La empresa británica Rolls-Royce ha dado un nuevo paso en este proyecto de modernización. Se trata de un ambicioso programa de actualización de la flota de bombarderos estratégicos B-52 de la Fuerza Aérea de Estados Unidos. En las instalaciones de prueba del Centro Espacial Stennis de la NASA, en Mississippi, continúan las evaluaciones de los nuevos motores F130 que equiparán a estos icónicos aviones.
Un salto tecnológico para una leyenda que ya tiene 66 años
La Fuerza Aérea estadounidense (USAF) busca extender la vida útil de sus B-52H, que pasarán a denominarse B-52J, más allá del año 2050. El corazón de esta modernización es el Programa de reemplazo de motores comerciales (CERP), liderado conjuntamente por Boeing y Rolls-Royce.
En este proyecto se sustituirán los ocho motores Pratt & Whitney TF33-PW-103 con tecnología de los años 60, por ocho turbofanes F130 de última generación.
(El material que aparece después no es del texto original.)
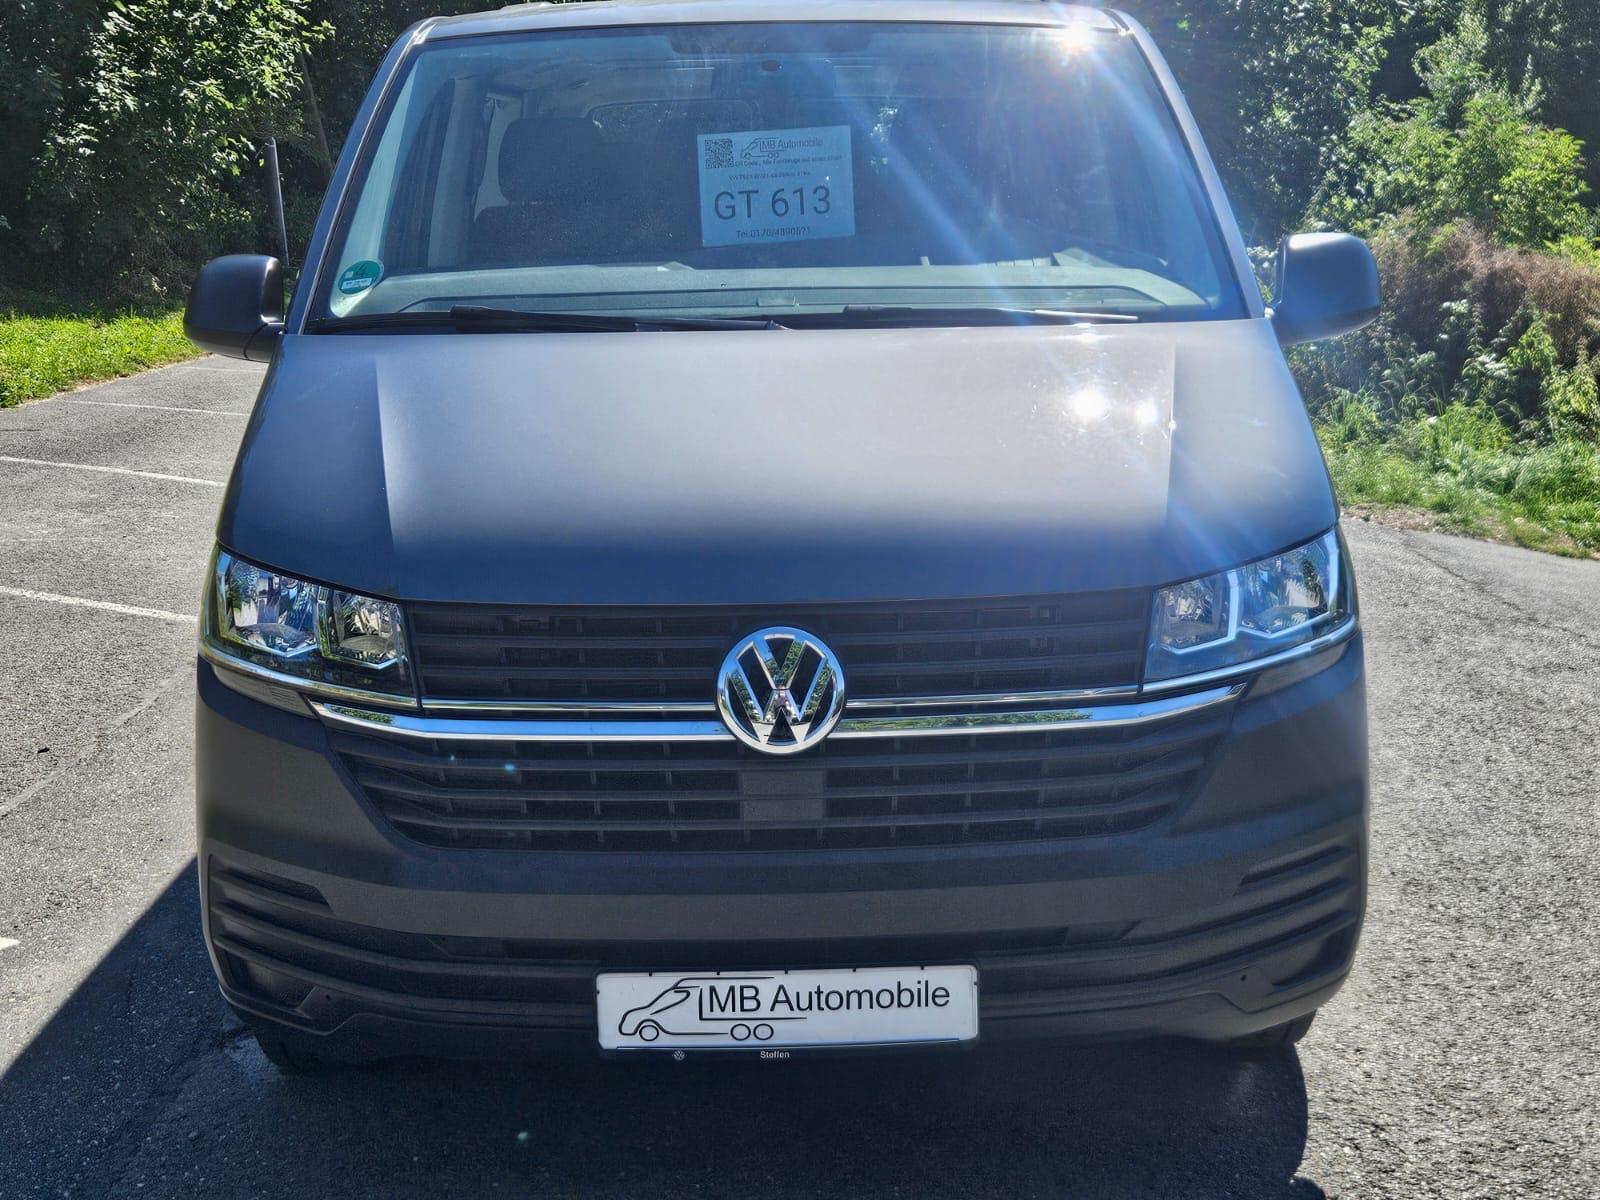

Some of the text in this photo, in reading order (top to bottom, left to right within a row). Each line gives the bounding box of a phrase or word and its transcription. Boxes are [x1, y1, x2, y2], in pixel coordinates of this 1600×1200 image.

[762, 137, 823, 149] MB Automobile
[714, 184, 831, 220] GT 613
[709, 980, 951, 1013] MB Automobile
La configuración se mantendrá igual con cuatro góndolas dobles con dos motores cada una, preservando la conocida silueta del bombardero.
Pruebas que marcan un antes y un después
Las primeras pruebas se centran en dos motores montados en configuración de góndola doble, idéntica a la del B-52. Los ensayos evalúan principalmente el comportamiento aerodinámico en condiciones de viento cruzado y el correcto funcionamiento del sistema de controles digitales del motor. El avión también recibirá una nueva aviónica, una actualización de controles, mejoras en las intslaciones y en los cableados.

Los resultados iniciales son muy alentadores, según informó la compañía. Durante los próximos meses se analizarán los datos recogidos para afinar aún más el rendimiento. Esta es la primera vez que los F130 se prueban en esta disposición específica para el bombardero.
Beneficios operativos y colaboración
Los nuevos motores prometen transformar las capacidades del B-52. Se espera una reducción drástica en el consumo de combustible, menor necesidad de reabastecimiento en vuelo, costes de mantenimiento más bajos y una disminución notable en las emisiones. Además, su gran durabilidad permitirá que los motores permanezcan instalados durante toda la vida útil extendida del avión, unos 30 años adicionales.
Rolls-Royce trabaja en estrecha colaboración con la USAF y Boeing, responsable de la integración general del motor y del programa de modernización del avión.
Producción estadounidense y futuro del programa
Los motores F130 se fabricarán, ensamblarán y probarán en las instalaciones de Rolls-Royce en Indianápolis, la mayor planta de producción de la compañía en Estados Unidos. En los últimos años, la empresa invirtió más de 1.000 millones de dólares en modernizar sus instalaciones.
Los F130 fueron seleccionados por la USAF en septiembre de 2021 tras un proceso de concurso. Derivados de la exitosa familia de motores comerciales BR, acumulan más de 30 millones de horas de operación con un historial de muha fiabilidad.
Tras superar la revisión crítica de diseño, la integración de los nuevos motores en el primer bombardero comenzará en San Antonio, Texas, durante el año 2027. Las pruebas de vuelo están programadas para 2029.
Este programa no solo asegura la continuidad del B-52 como pilar de la disuasión estratégica estadounidense, sino que lo prepara para operar con mayor eficiencia y sostenibilidad durante las próximas décadas.